Alcohol-induced DNA damage may be repaired by these two mechanisms

A new study conducted by a group of Dutch researchers at the Nubrecht Institute uncovered two distinct mechanisms capable of repairing deoxyribonucleic acid damage caused by alcohol consumption. The results appeared in the peer-reviewed journal Nature.

According to researchers, consumption of substances like alcohol may induce considerable damage to the DNA. Interstrand crosslinks (ICLs) are associated with a form of DNA damage caused by acetaldehyde, an intermediate in the metabolism of alcohol.

In the study, the exact cause and pathway to repairment of DNA damage caused by acetaldehyde was the primary focus for researchers.

“The nature of the DNA damage induced by acetaldehyde and how this is repaired remains a key question. Here we generate acetaldehyde-induced DNA interstrand crosslinks and determine their repair mechanism in Xenopus egg extracts. We find that two replication-coupled pathways repair these lesions,” researchers stated in the findings.

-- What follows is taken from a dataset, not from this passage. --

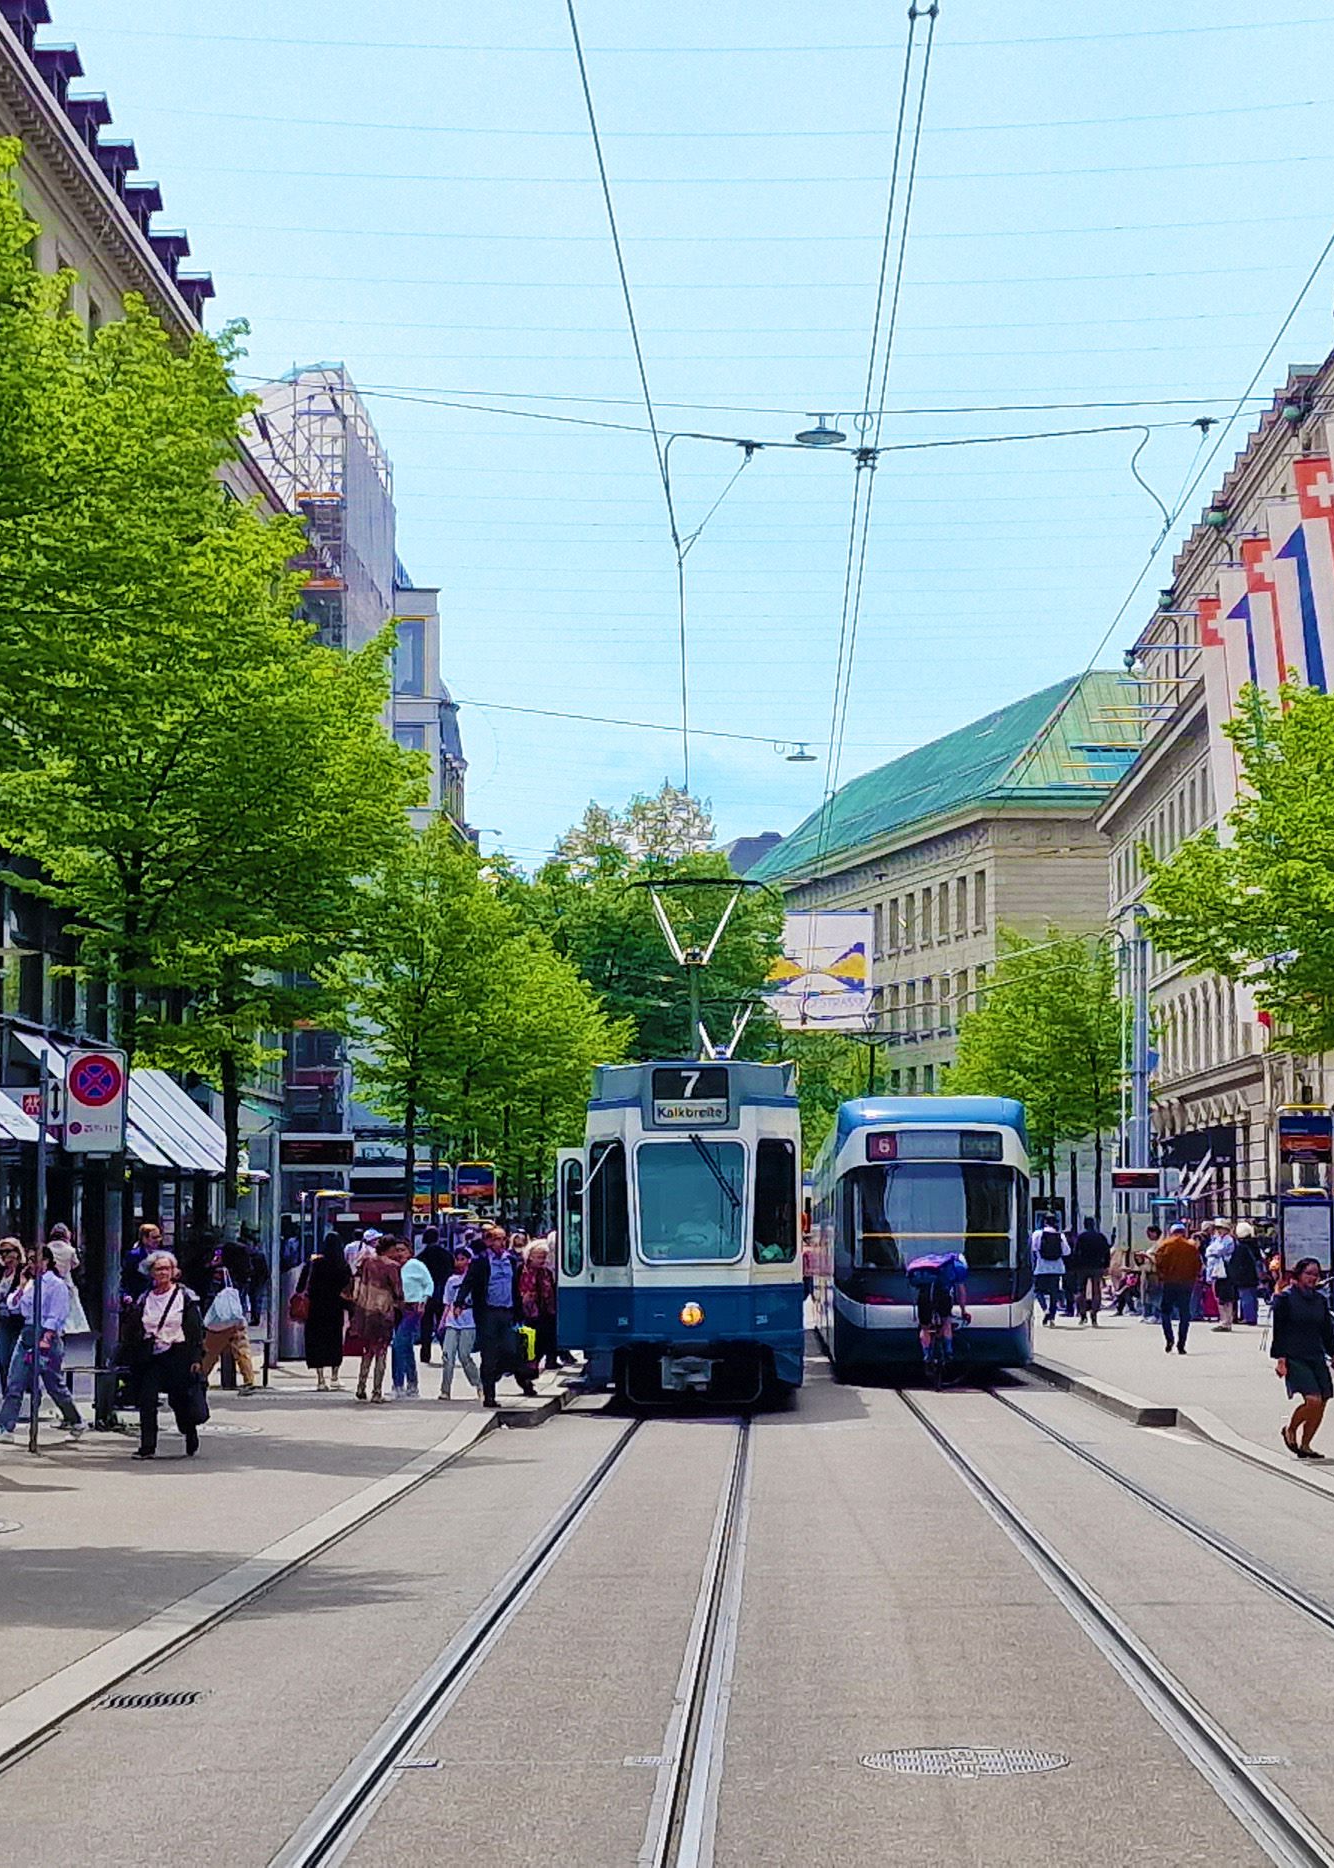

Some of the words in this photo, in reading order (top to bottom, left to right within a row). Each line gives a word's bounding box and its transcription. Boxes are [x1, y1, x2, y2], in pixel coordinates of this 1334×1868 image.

[680, 1070, 702, 1098] 7
[656, 1106, 723, 1119] Kalkbreite
[878, 1138, 891, 1153] 6

Based on their findings, researchers examined mechanisms capable of repairing damage from the DNA caused by alcohol consumption. Utilizing protein extracts from the eggs of an African clawed frog, the team were able to turn their attention on two mechanisms and its repair on an interstrand crosslink formed by acetaldehyde.

One of the mechanisms, known as Fanconi anemia pathway, is considered the slower route and “operates using excision—analogous to the mechanism used to repair the interstrand crosslinks caused by the chemotherapeutic agent cisplatin,” the study’s co-authors explained. “However, the repair of acetaldehyde-induced crosslinks results in increased mutation frequency and an altered mutational spectrum compared with the repair of cisplatin-induced crosslinks.”

“The second repair mechanism requires replication fork convergence, but does not involve DNA incisions—instead the acetaldehyde crosslink itself is broken.”

“These results define the repair pathways of DNA interstrand crosslinks caused by an endogenous and alcohol-derived metabolite, and identify an excision-independent mechanism,” the study’s authors concluded.